Wednesday, December 22, 2010

2010 Census: Winners and Losers


Go west, young man.
Or south.
The 435 seats in the U.S. House of Representatives will be reapportioned.

And once Congressmen and women are properly seated, one of the things they will need to consider is how the 2010 Census data will impact projections for the Social Security trust fund. Simply put, the population of the U.S. is not growing as fast as had been thought. This is bad news for any Ponzi scheme, especially this one. If it is no longer true (as W.C. Fields once said) that there is a sucker born every minute, then who is going to pay for all those retirement benefits promised in the future for those working today?

Bruce Krasting poses this very question at

"Given that we now know that our population is smaller than SSA [i.e. Social Security Administration] had assumed and is growing at a smaller rate, there are significant implications to the retirement system. All of those implications are negative.

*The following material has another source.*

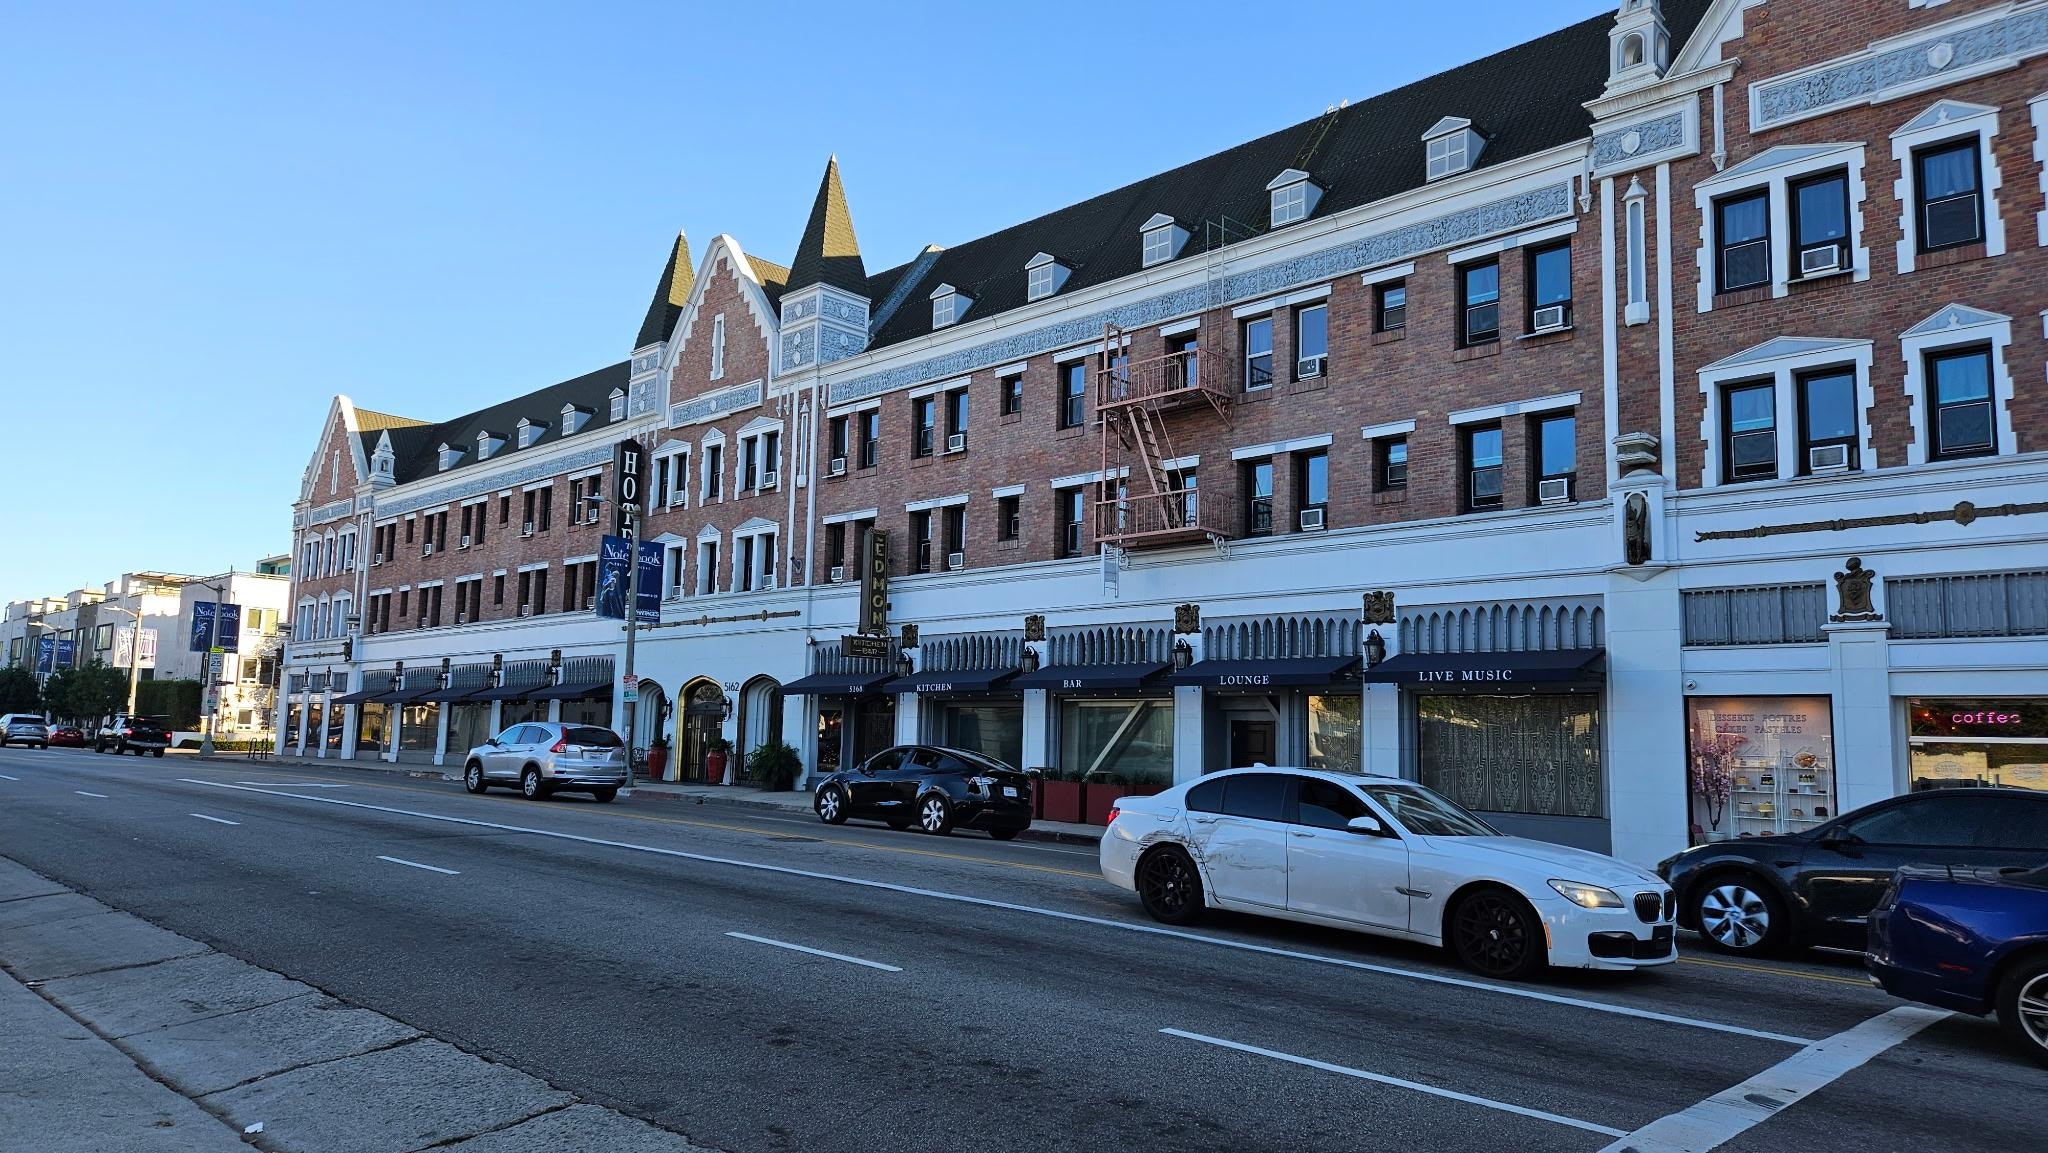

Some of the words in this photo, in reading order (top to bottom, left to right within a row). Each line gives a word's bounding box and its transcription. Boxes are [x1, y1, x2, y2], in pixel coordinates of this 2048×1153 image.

From the census data alone SSA will be forced to conclude A) the date that the system goes negative is not 2037 and B) the date that SSA goes permanently cash flow negative is not 2015. Just from the census data I am now forecasting that the date that the SSA goes permanently cash negative was 2008. We will never see a return to a cash surplus. The 2037 drop-dead date will be shortened by a minimum of 5 years. I say the system explodes in 2030. These are very material changes."